Partial differential equations (PDEs) are used in fields like physics and engineering to model complex physical processes, offering insight into some of the world’s most intricate systems. To solve these equations, researchers use high-fidelity numerical solvers, which are time-consuming and computationally expensive. A simplified alternative, data-driven surrogate models, compute the goal property of a solution to PDEs rather than the full solution. These models are trained on data generated by the high-fidelity solver to predict the output of the PDEs for new inputs; however, this process can be data-intensive and costly.
Research from MIT published in Nature Machine Intelligence introduces a method for developing efficient data-driven surrogate models for complex physical systems. The paper, authored by MIT professor Steven G. Johnson and researchers from the MIT-IBM Watson AI Lab, Julia Lab, and Georgia Tech, presents a “physics-enhanced deep surrogate” (PEDS), which combines a low-fidelity, explainable physics simulator with a neural network generator trained to match the output of a high-fidelity numerical solver.

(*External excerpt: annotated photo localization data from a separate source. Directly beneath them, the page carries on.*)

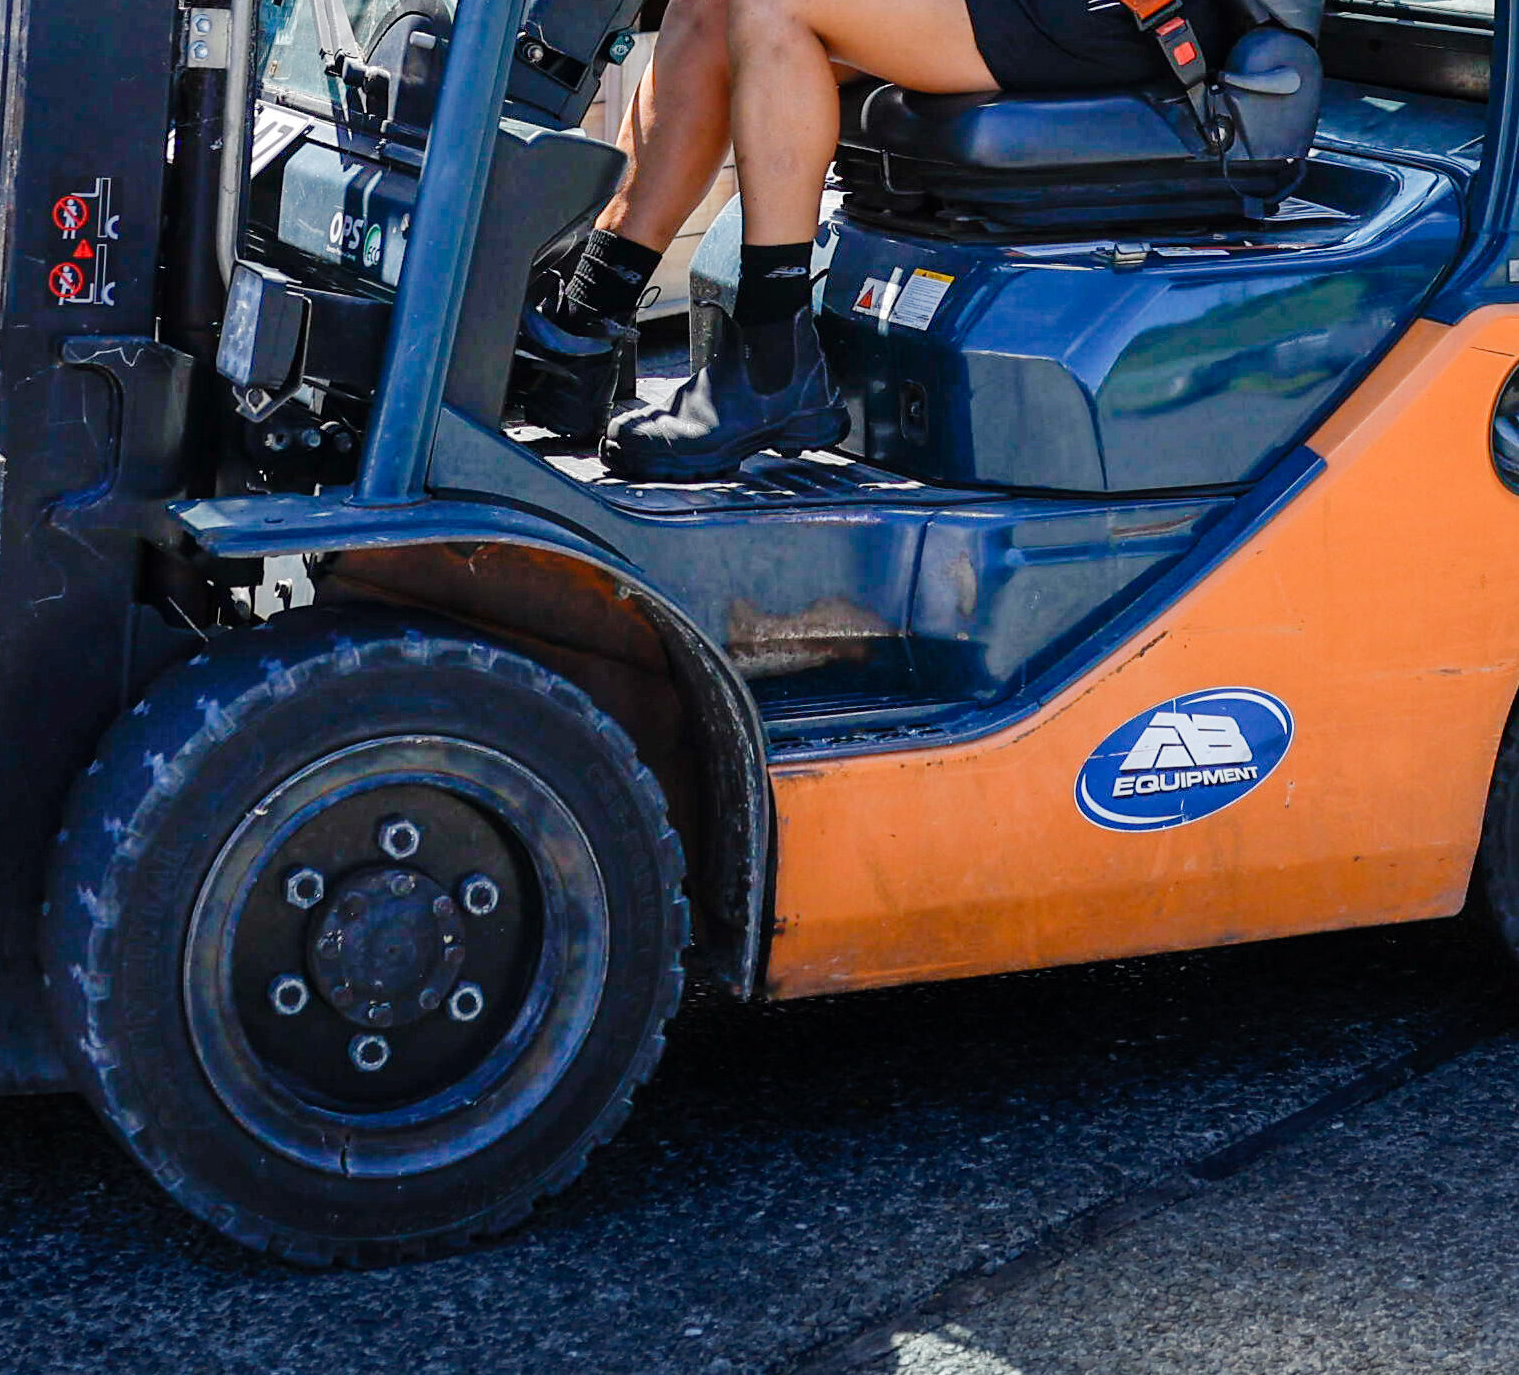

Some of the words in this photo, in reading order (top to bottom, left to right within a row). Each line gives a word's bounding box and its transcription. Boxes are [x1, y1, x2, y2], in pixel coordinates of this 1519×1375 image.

[330, 211, 364, 250] OPS
[1119, 711, 1253, 771] AB
[1112, 766, 1258, 798] EQUIPMENT
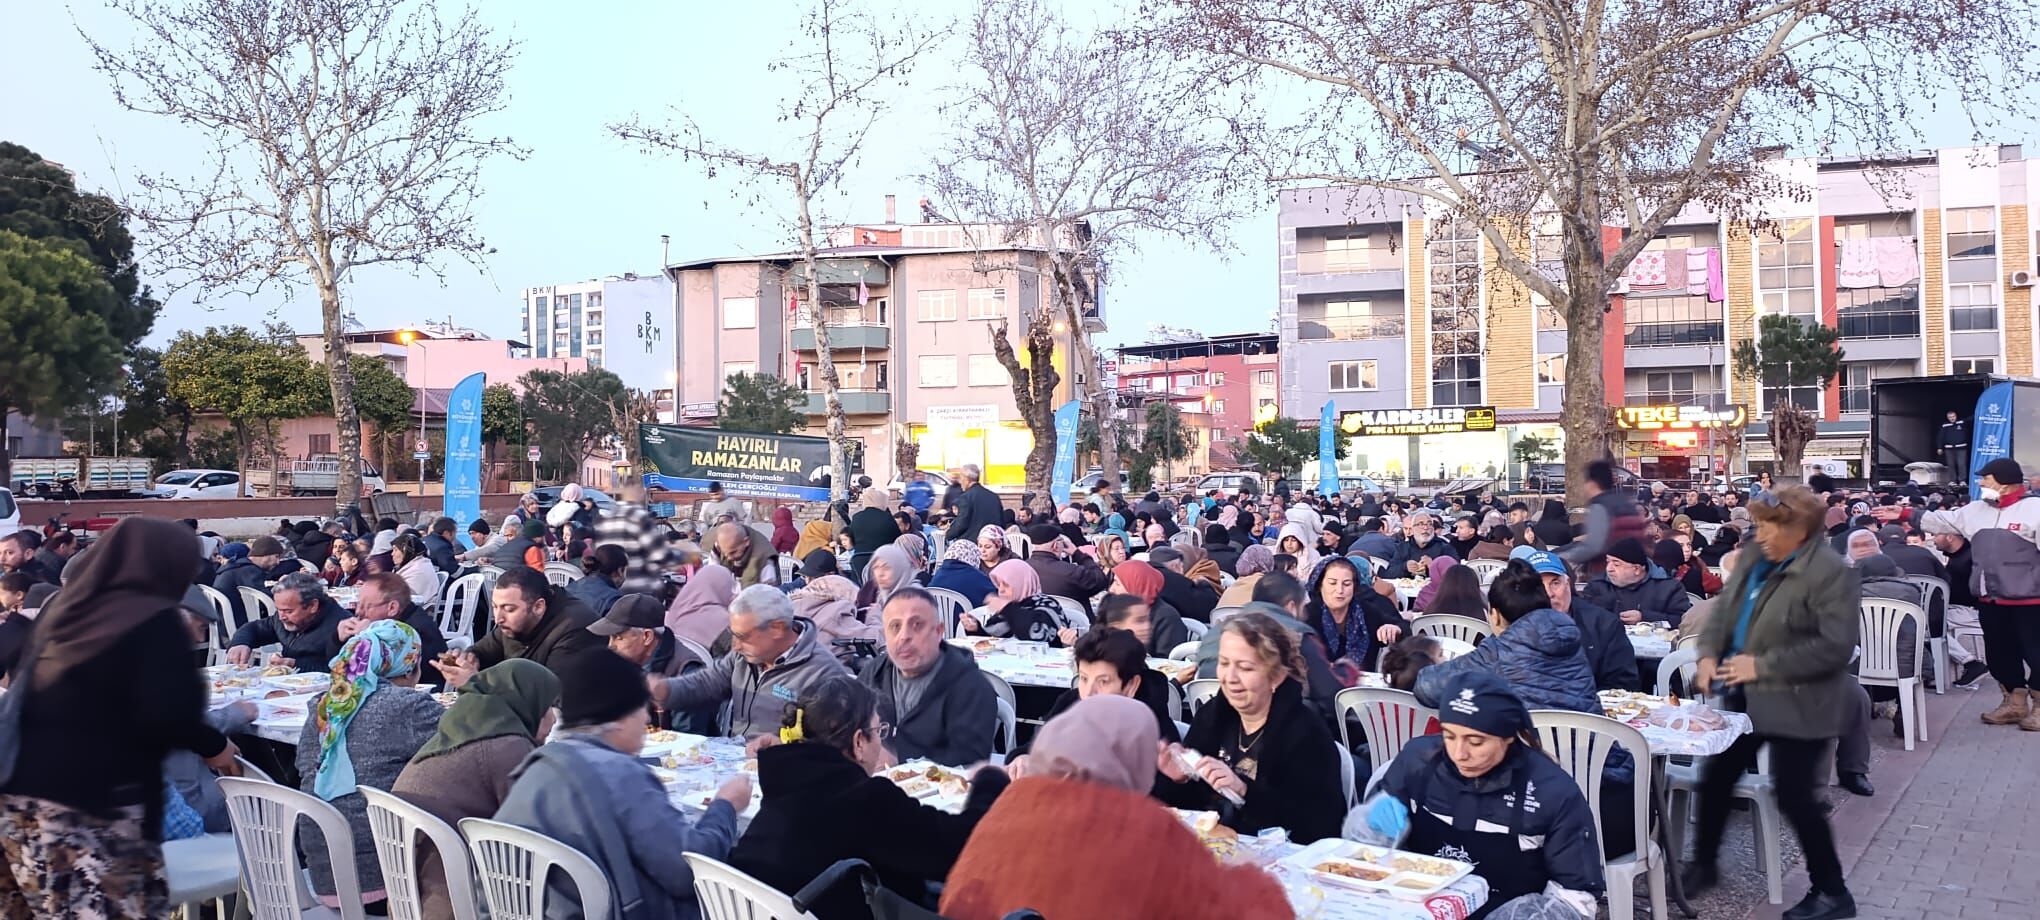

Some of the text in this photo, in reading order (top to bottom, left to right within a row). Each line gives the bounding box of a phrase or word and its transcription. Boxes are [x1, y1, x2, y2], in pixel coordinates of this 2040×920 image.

[532, 287, 552, 295] BKM
[1362, 408, 1465, 426] KARDEŞLER
[1625, 407, 1677, 421] TEKE
[717, 435, 779, 455] HAYIRLI
[692, 451, 802, 472] RAMAZANLAR
[707, 469, 785, 482] Ramazan Paylaşmaktır

The team aims to replace inefficient trial-and-error processes with systematic, computer-aided simulations and optimizations, making training these models more affordable compared to AI processes that require vast computing resources. Under test conditions, PEDS surrogates proved up to three times more accurate than an ensemble of feedforward neural networks with limited data, and reduced the training data needed by at least a factor of 100 to achieve a target error of 5 percent.
The researchers report that PEDS bridged the gap between simplified physical models and their respective brute-force numerical solvers, offering accuracy, speed, data efficiency, and physical insights into the process. To counter the “curse of dimensionality”, where needed training data increases exponentially with the number of model variables, PEDS leverages automatic differentiation technology and includes information from the field in the form of a low-fidelity model solver.
PEDS has revival potential for minimal models – stripped down, intuitive models from pre-2000 literature. The application of PEDS extends beyond what was shown in this study, with potential use in modeling various complex physical systems governed by PDEs, from climate modeling to seismic modeling.
This research, supported by the MIT-IBM Watson AI Lab and the U.S. Army Research Office, presents an efficient, affordable alternative to the existing problem of solving complex physical systems.